→ **Task to carry out**:
Please give the data again in full, exactly as provided.

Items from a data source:
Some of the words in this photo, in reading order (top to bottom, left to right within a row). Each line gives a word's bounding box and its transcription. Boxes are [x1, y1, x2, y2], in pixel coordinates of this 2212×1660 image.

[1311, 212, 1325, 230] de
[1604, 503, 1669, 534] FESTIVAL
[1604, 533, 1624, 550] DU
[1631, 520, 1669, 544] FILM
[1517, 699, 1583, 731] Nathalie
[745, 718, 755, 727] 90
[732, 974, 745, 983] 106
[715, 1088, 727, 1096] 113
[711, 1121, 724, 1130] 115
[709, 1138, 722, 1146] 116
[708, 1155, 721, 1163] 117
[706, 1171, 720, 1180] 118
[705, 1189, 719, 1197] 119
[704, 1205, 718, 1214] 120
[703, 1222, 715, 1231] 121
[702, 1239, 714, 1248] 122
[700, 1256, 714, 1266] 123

→ **Answer section**:
Some of the words in this photo, in reading order (top to bottom, left to right within a row). Each line gives a word's bounding box and its transcription. Boxes are [x1, y1, x2, y2], in pixel coordinates of this 2212×1660 image.

[1311, 212, 1325, 230] de
[1604, 503, 1669, 534] FESTIVAL
[1604, 533, 1624, 550] DU
[1631, 520, 1669, 544] FILM
[1517, 699, 1583, 731] Nathalie
[745, 718, 755, 727] 90
[732, 974, 745, 983] 106
[715, 1088, 727, 1096] 113
[711, 1121, 724, 1130] 115
[709, 1138, 722, 1146] 116
[708, 1155, 721, 1163] 117
[706, 1171, 720, 1180] 118
[705, 1189, 719, 1197] 119
[704, 1205, 718, 1214] 120
[703, 1222, 715, 1231] 121
[702, 1239, 714, 1248] 122
[700, 1256, 714, 1266] 123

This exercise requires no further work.